Steve Borthwick was as absorbed as anyone in the room, lost in the words of a man sufficiently strong-minded to have achieved the ultimate in an era when motor racing was a matter of life and death. "Just when you think you've heard it all," says Borthwick, still drinking it in days later, "someone gives you a completely different perspective on what you're trying to do."

Knowing his luck, the recently-deposed England captain will soon be informed that he was caught speeding on the way home. It would round off the year neatly, if not nicely. Last March, a knee injury prevented him playing in the last Six Nations match against the Grand Slam-hunting French in Paris, and the problem hung around long enough to keep him off the summer tour of Australia – a trip on which the unfancied visitors ran into a Wallaby side so laughably weak in the scrum that the series was squared. On the strength of this flimsy evidence, the national manager Martin Johnson not only stripped him of the captaincy, but dumped him from his 32-man squad for next month's internationals at Twickenham. Would this be the same Johnson who had stuck by his skipper through thin and thinner for almost two years? Who had sworn by him at every turn? Who had defended him to the very hilt? Yes, that's the one.

The decision tore Borthwick apart. He tries his damnedest not to show it, but you would have to be bat-blind not to see it in his eyes. Given what he has suffered these last few months, does he have the energy – the interest, even – to give it another go? "I could be playing this game at 45 and still want to represent my country," he replies. "The desire is there, inside me. You can't turn it off like a tap. Will Martin pick me again? How do I know? It's Martin's choice, and his alone. What I do know is that I'm fitter and stronger than ever and that I have years of good rugby left in me."

It is at times like this that the club environment really matters, and just at the moment, there is no better environment – none more positive or supportive – than the one at Saracens. This evening, they play a highly significant Heineken Cup match against Leinster, the 2009 European champions, at Wembley. There will be upwards of 45,000 spectators in the stadium, the television cameras will be rolling and Borthwick will be there, as driven and committed as ever. There is no more assiduous, serious-minded player in the whole of rugby. Is it true, then, that he thinks of little else?

"People love to put you in a box and stick a label on it," he responds. "The stereotyping can be so far from the truth it's ridiculous, but if something is said enough times, it begins to sound like a fact. The stereotype is not, and never has been, an accurate reflection of who I am, but if I'm honest, I'm past caring what certain people say and think about me.

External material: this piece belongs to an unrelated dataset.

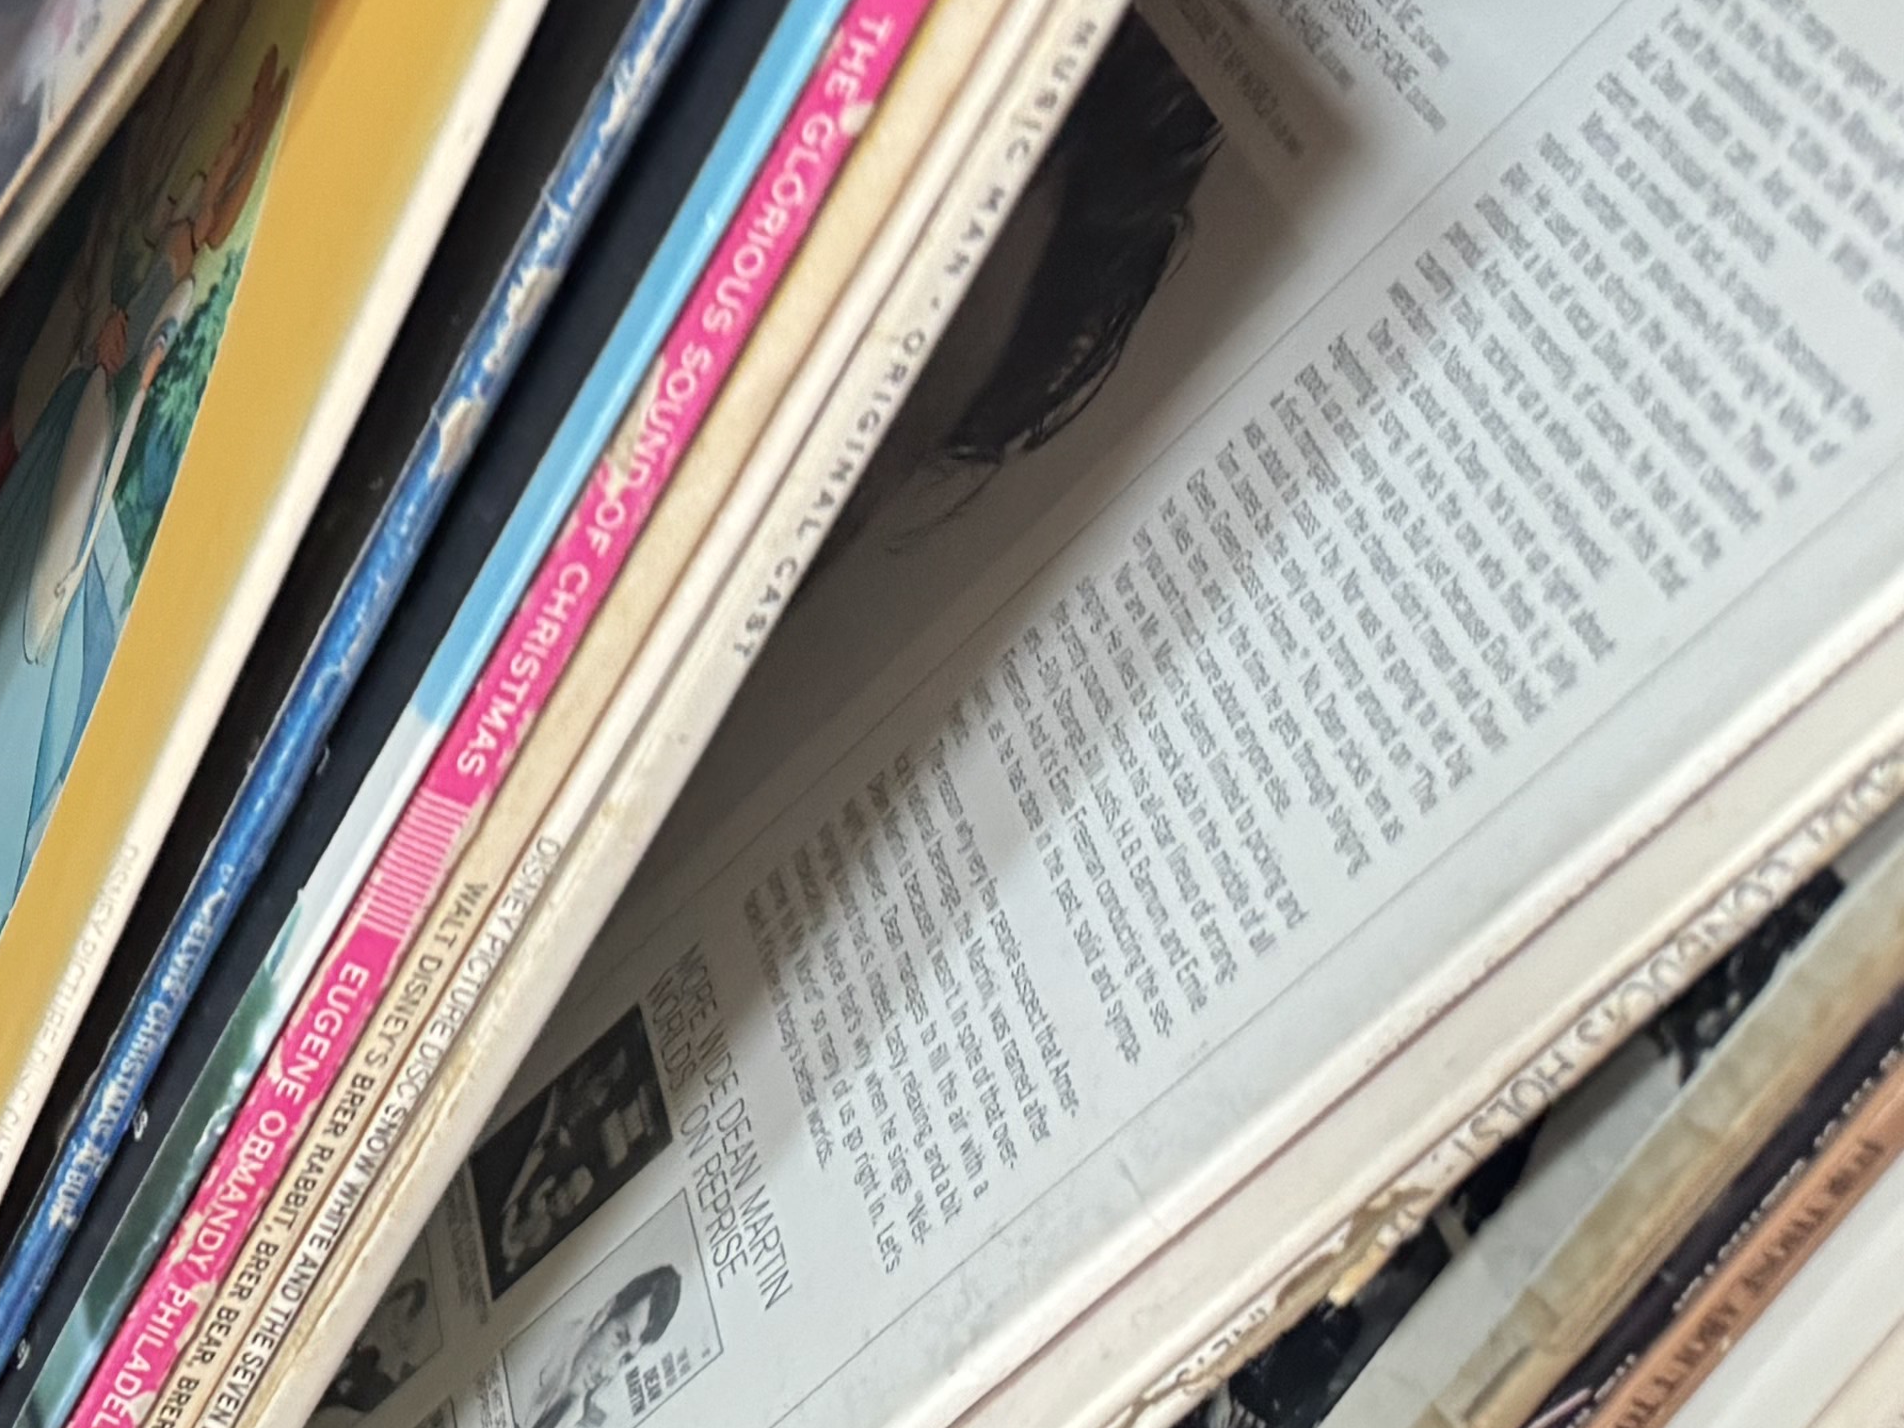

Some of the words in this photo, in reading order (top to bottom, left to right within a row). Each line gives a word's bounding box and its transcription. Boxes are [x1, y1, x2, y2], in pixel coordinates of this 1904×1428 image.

I care about earning the respect of the people I play alongside and the people who do their utmost for me here at Saracens. Yes, I'm serious and intense when I'm at work. No, I don't spend my entire life thinking about rugby."

Talking of boxes and labels, Borthwick has long had a reputation as a sporting puritan: the dedicated gym rat, the learned intellectual of the line-out, the non-drinker (or at least, the not-much-of-a-drinker.) Under the circumstances, was he entirely surprised at the kerfuffle that erupted when he missed the official Heineken Cup launch in Cardiff in favour of a day at the Munich beer festival with his club-mates? He laughs, loud and long. "The Oktoberfest? That was me all over, wasn't it? Where did that leave the stereotype?" And with this barbed comment, he brought the subject of Bavaria and its liquid attractions to a close. "The club has a party line on this one and they put it out there at the time," he says. "I don't think I can add to it."

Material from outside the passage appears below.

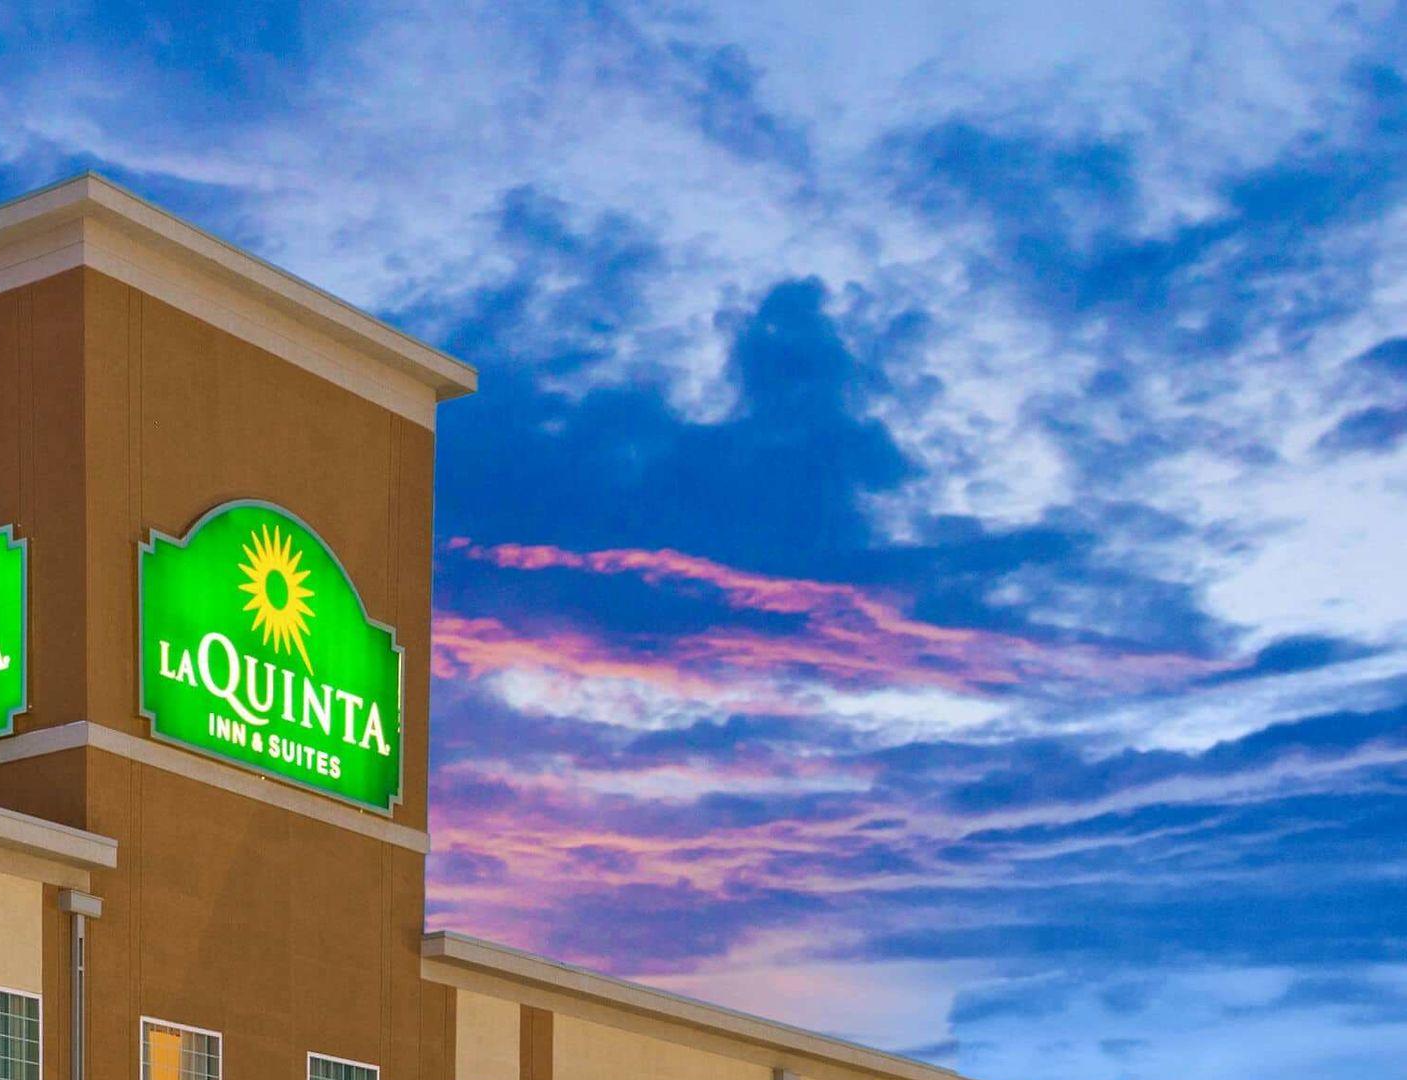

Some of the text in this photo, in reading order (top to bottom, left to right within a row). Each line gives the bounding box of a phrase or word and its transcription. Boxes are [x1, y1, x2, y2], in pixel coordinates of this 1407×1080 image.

He is much more forthcoming on the state of play at Saracens as they head into another of the big games that have come thick and fast since Brendan Venter took over from Eddie Jones as director of rugby last year. Venter continues to see qualities in his captain that suddenly became invisible to Johnson back in July, and the two men enjoy the closest of working relationships. The first text message Borthwick received on being demoted by England was from Scott Murphy, the strength and conditioning co-ordinator at Sarries. "The second," he says, "was from Brendan. I can't tell you how supportive he's been.

"If I had to highlight one aspect of life at this club, it's that everyone wants the best for everyone else. It's a bottom-up thing, and it fits exactly with all my ideas about what rugby should be. I've never played for me. Whatever joy I take from the game is a collective joy. My first responsibility is to my team-mates: even when I was with England, I never switched off from what was happening at Saracens. And to do your best for the people you play with, you need to be the best player you can possibly be. That's where the striving comes in. I am, I suppose, a constant striver.

"Rugby isn't about individuals. All that stuff that finds its way on to the back pages of the papers, all the flattery and the rest of it – that really isn't relevant. It means nothing. What most players talk about are the things that work for them as a group, the things that win games for the team. There's no magic formula. To a large extent, successful rugby is down to a strong sense of loyalty and togetherness, and a lot of hard work."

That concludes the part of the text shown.